Still, “as we have seen with other pandemics, insomnia and associated daytime dysfunction persist long after the threat of infection has passed,” and post-COVID-19 clinics should ideally include sleep doctors, they said.

A rare silver lining is that it nudged people to step back, “and reflect on how they live and sleep, and particularly how they work,” they wrote.

“Workplaces may need to think about adopting more flexibility in terms of working from home, or flexible work hours in industries that permit this, so that employees can better align their work and sleep with their own natural body clocks — which will make them happier and more productive in the long run.”

Long-held sleep advice remains steady: keep the bedroom cool and dark, be mindful of caffeine and alcohol, resist the urge to sleep in the next morning after a bad night’s sleep, get out of bed if you wake at night and can’t fall back asleep after 20 to 30 minutes, move to another room to read a book or listen to a podcast. A warm bath or shower 90 minutes before bed can stimulate melatonin, the hormone that helps regulate sleep. Avoid lights from devices and “doom scrolling.” Cognitive behavioural therapy can help with chronic, unrelenting insomnia. And while ruminating isn’t healthy, neither is orthosomnia, the perfectionist quest for the ideal sleep.

Tips like these, colloquially known as “sleep hygiene” are important, even though they can “feel a little superficial” at times, Espie writes in his “5 principles of good sleep health.”

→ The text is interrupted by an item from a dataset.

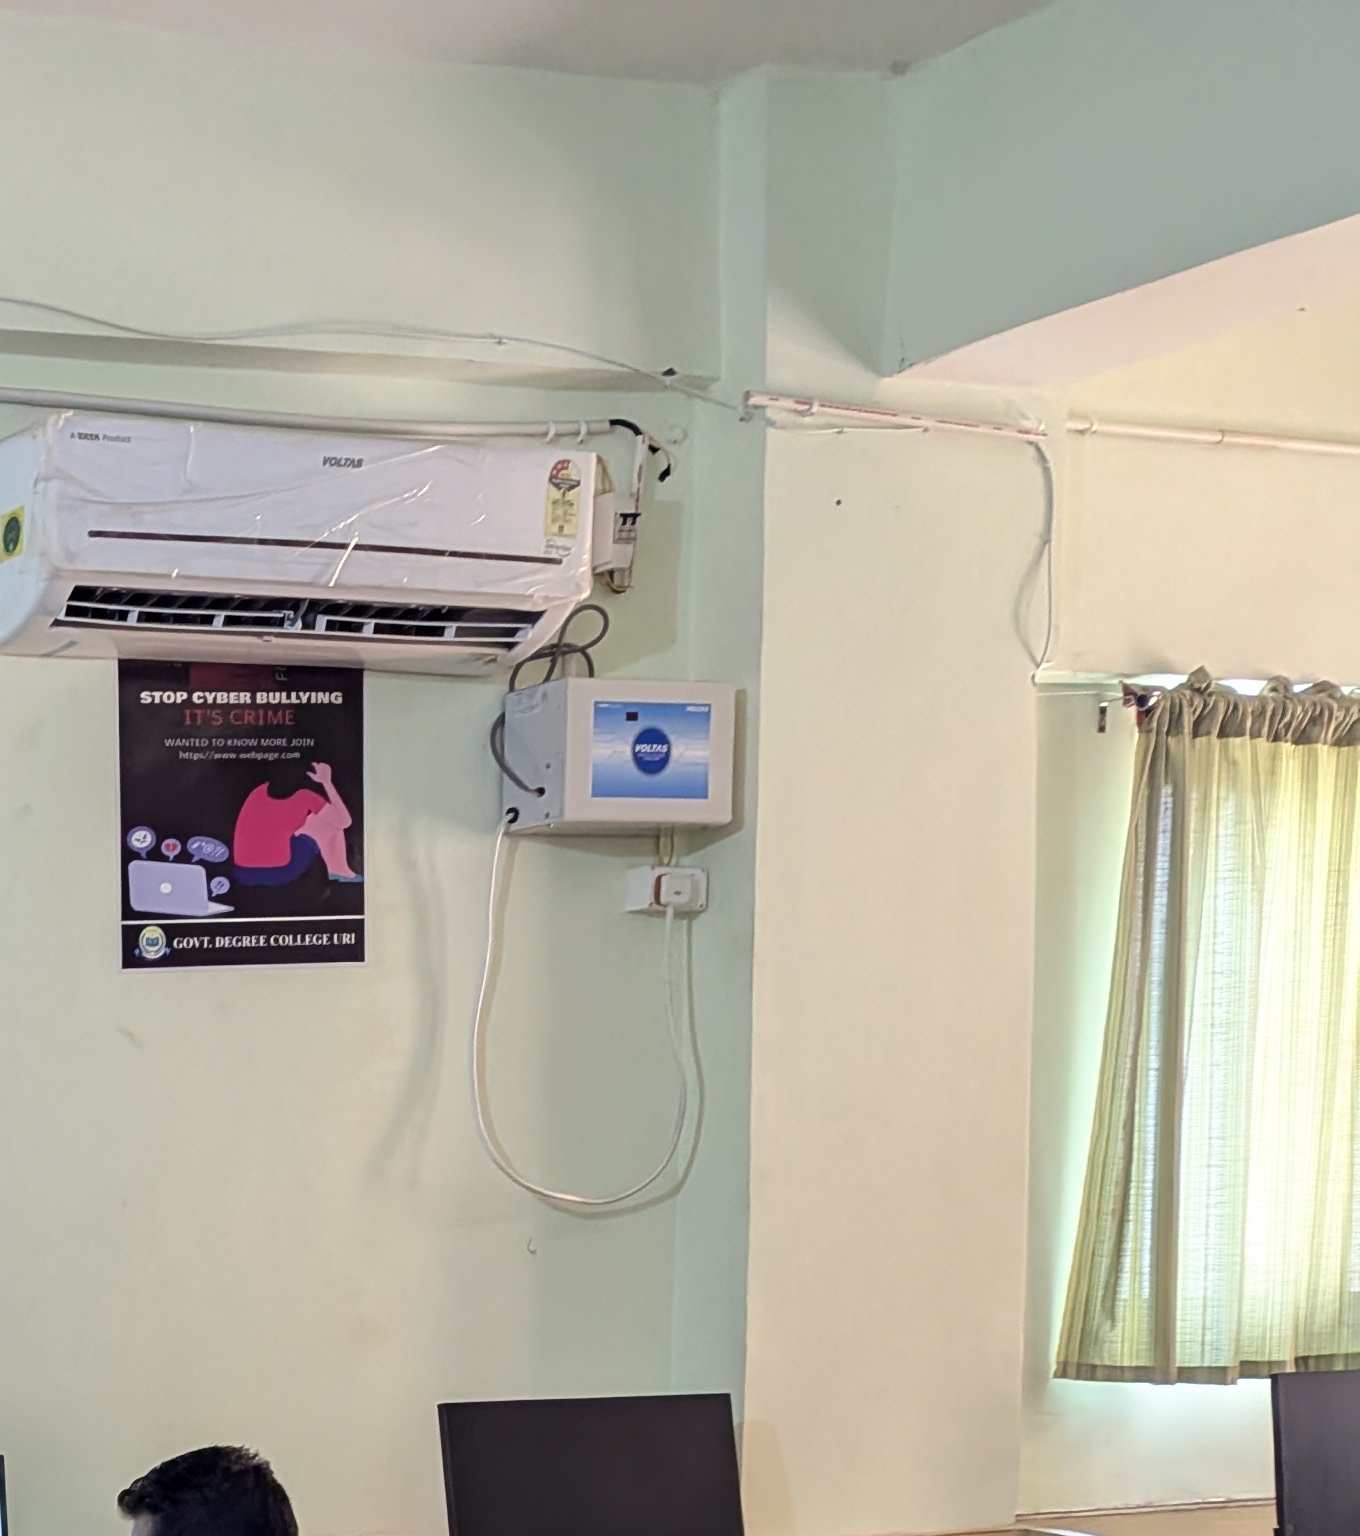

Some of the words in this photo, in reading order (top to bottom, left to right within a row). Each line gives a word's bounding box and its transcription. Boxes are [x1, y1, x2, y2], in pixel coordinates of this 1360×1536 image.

“After all, sleep is fundamental to every living organism. Cats and dogs, birds and butterflies don’t sleep well because they leave their smartphones in the living room, or because they cut down on their Americano intake.”

“What concerns me is that we are still primarily medicating people for insomnia, anxiety, and depression,” he said. “The pandemic itself is a coronavirus threat and requires medicine (vaccine). However, the mental distress is not a direct effect of the virus.” Instead, it results from that sense of threat and uncertainty, which Espie said is best addressed using psychological interventions such as CBT.

Espie’s advice involves valuing sleep as much as clean water, good food “and the air that you breathe,” prioritizing sleep not just with “warm thoughts and good intentions” but action, figuring out how much people personally need to sleep by trial and error (part of this is about personalizing your “chronotype,” meaning, are you more a night owl or morning lark?) and resisting the temptation to grab at anything, trying this and that. “It absolutely doesn’t work to be frenetic and to overthink the whole thing,” Espie said.

Wind down from mid-evening on, he recommended, and know that if you wake at night, you aren’t alone.